#### [Brief]
Type out each record word for word. Pictures stay out.

####################

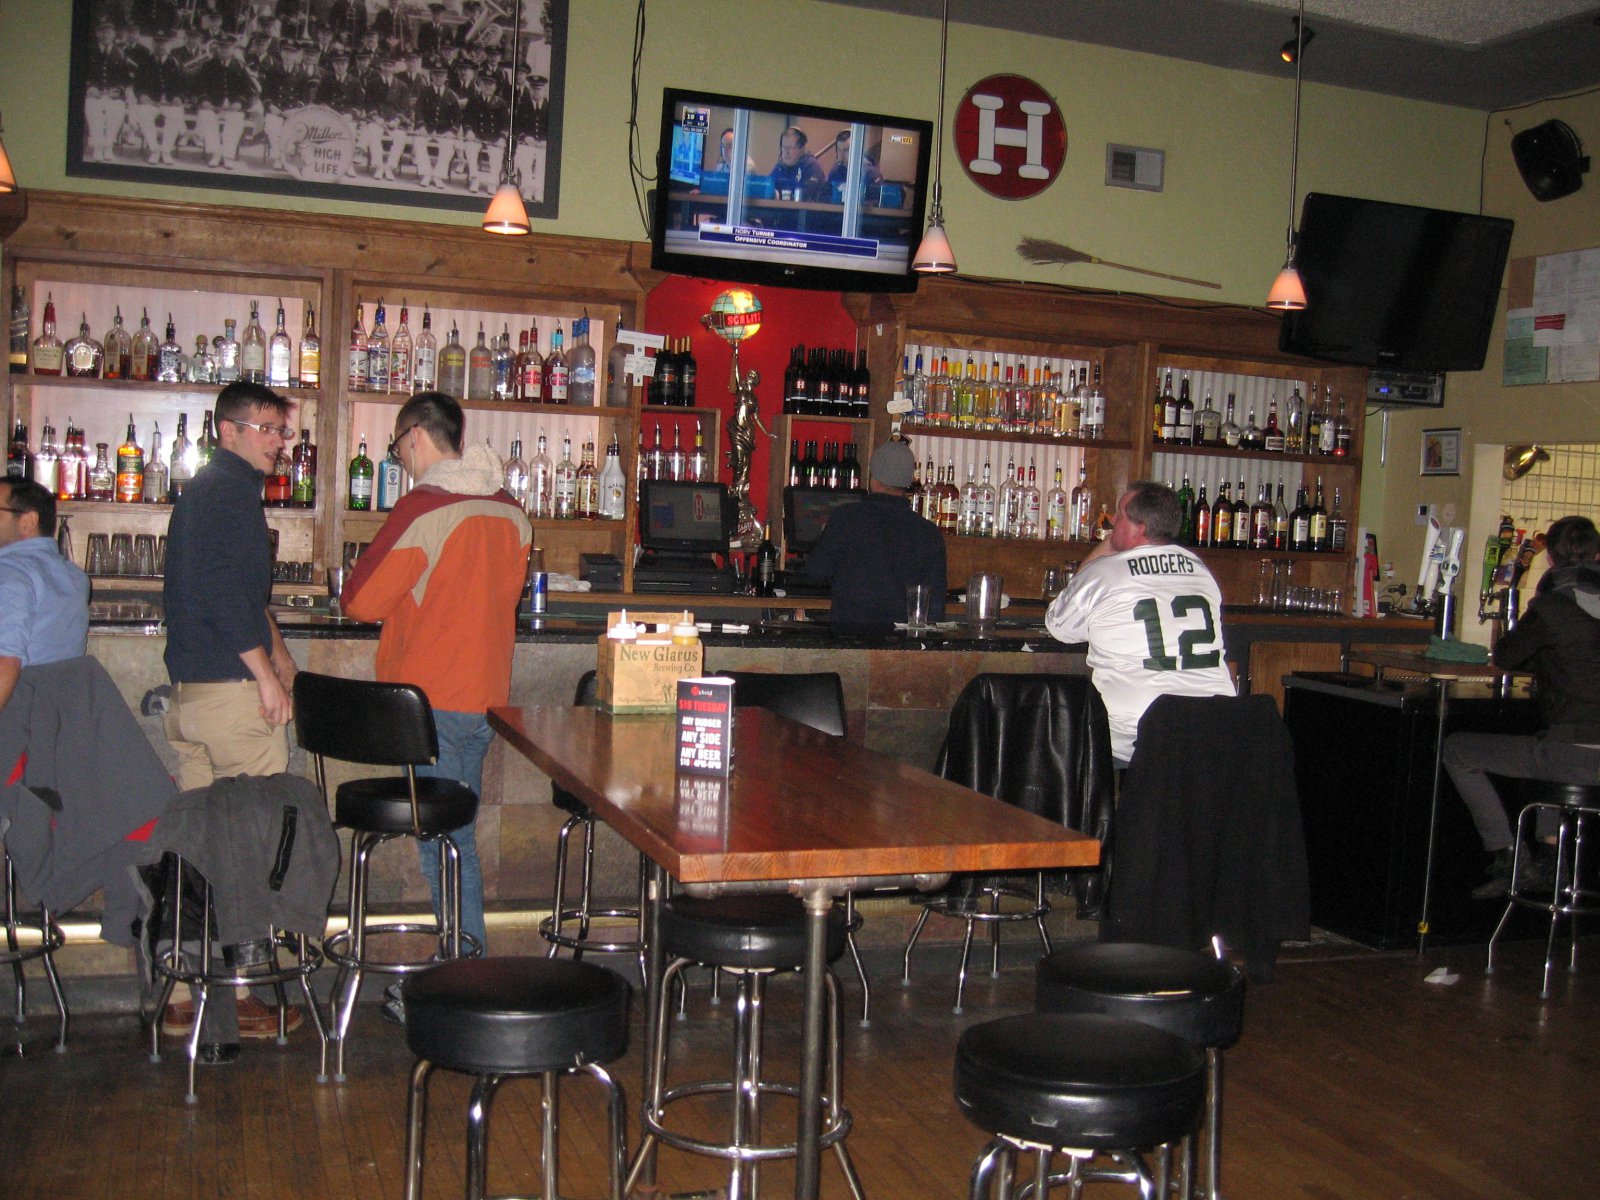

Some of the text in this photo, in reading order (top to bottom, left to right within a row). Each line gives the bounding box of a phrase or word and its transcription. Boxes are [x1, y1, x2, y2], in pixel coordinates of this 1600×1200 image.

[303, 125, 344, 141] Miller
[969, 94, 1051, 180] H
[314, 148, 341, 160] HIGH
[314, 163, 338, 175] LIFE
[751, 229, 775, 238] TURNER
[735, 236, 807, 249] OFFENSIVE COORDINATOR
[1127, 553, 1194, 576] RODGERS
[1133, 594, 1220, 671] 12
[620, 645, 698, 662] New Glarus
[653, 663, 696, 673] Brewing Co.
[694, 702, 727, 713] TUESDAY
[682, 716, 694, 725] ANY
[681, 730, 721, 746] ANY SIDE
[680, 747, 721, 761] ANY BEER
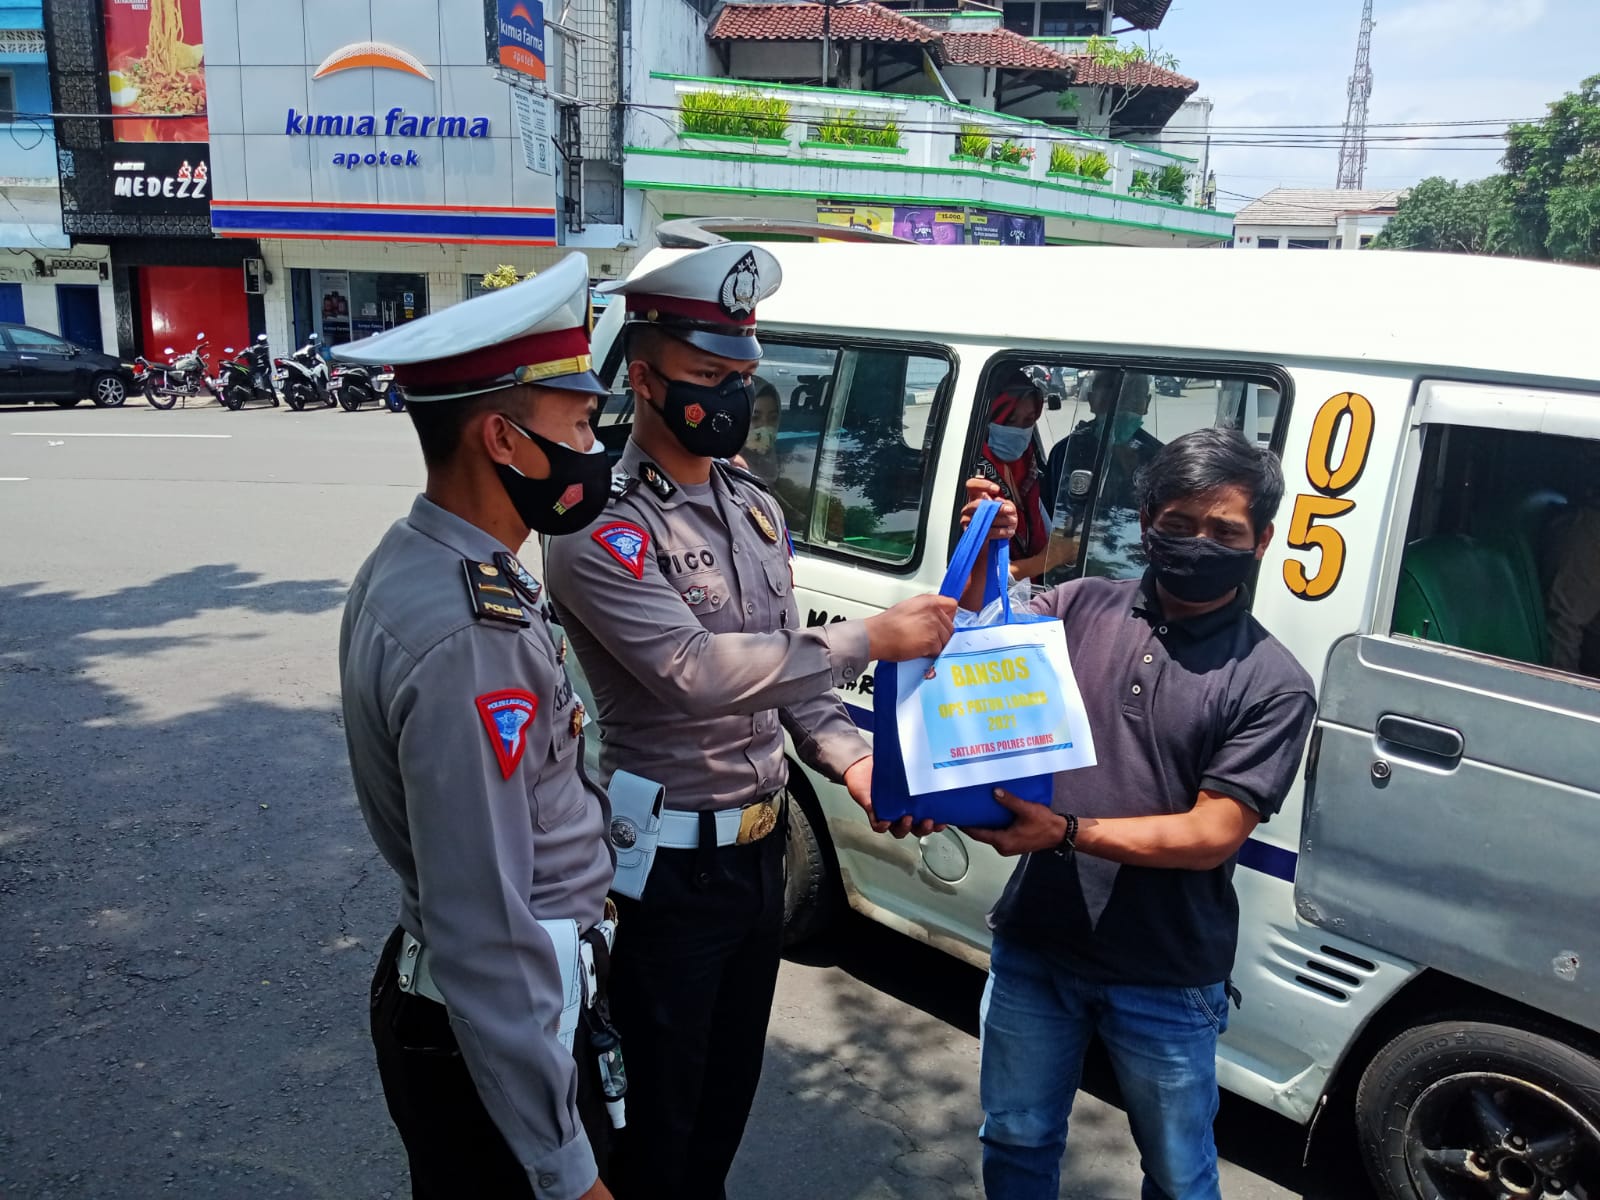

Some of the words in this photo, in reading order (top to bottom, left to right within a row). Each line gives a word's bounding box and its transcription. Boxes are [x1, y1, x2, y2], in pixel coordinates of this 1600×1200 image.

####################

#### [Worked solution]
Some of the text in this photo, in reading order (top to bottom, left to right within a row). Each line gives the bounding box of a phrase or word and its transcription. Boxes are [x1, y1, x2, y2], in pixel coordinates of this 1600×1200 image.

[303, 125, 344, 141] Miller
[969, 94, 1051, 180] H
[314, 148, 341, 160] HIGH
[314, 163, 338, 175] LIFE
[751, 229, 775, 238] TURNER
[735, 236, 807, 249] OFFENSIVE COORDINATOR
[1127, 553, 1194, 576] RODGERS
[1133, 594, 1220, 671] 12
[620, 645, 698, 662] New Glarus
[653, 663, 696, 673] Brewing Co.
[694, 702, 727, 713] TUESDAY
[682, 716, 694, 725] ANY
[681, 730, 721, 746] ANY SIDE
[680, 747, 721, 761] ANY BEER

Some of the words in this photo, in reading order (top to bottom, left to right within a row). Each line gives a word's bounding box and its transcription. Boxes are [x1, y1, x2, y2], in pixel coordinates of this 1600×1200 image.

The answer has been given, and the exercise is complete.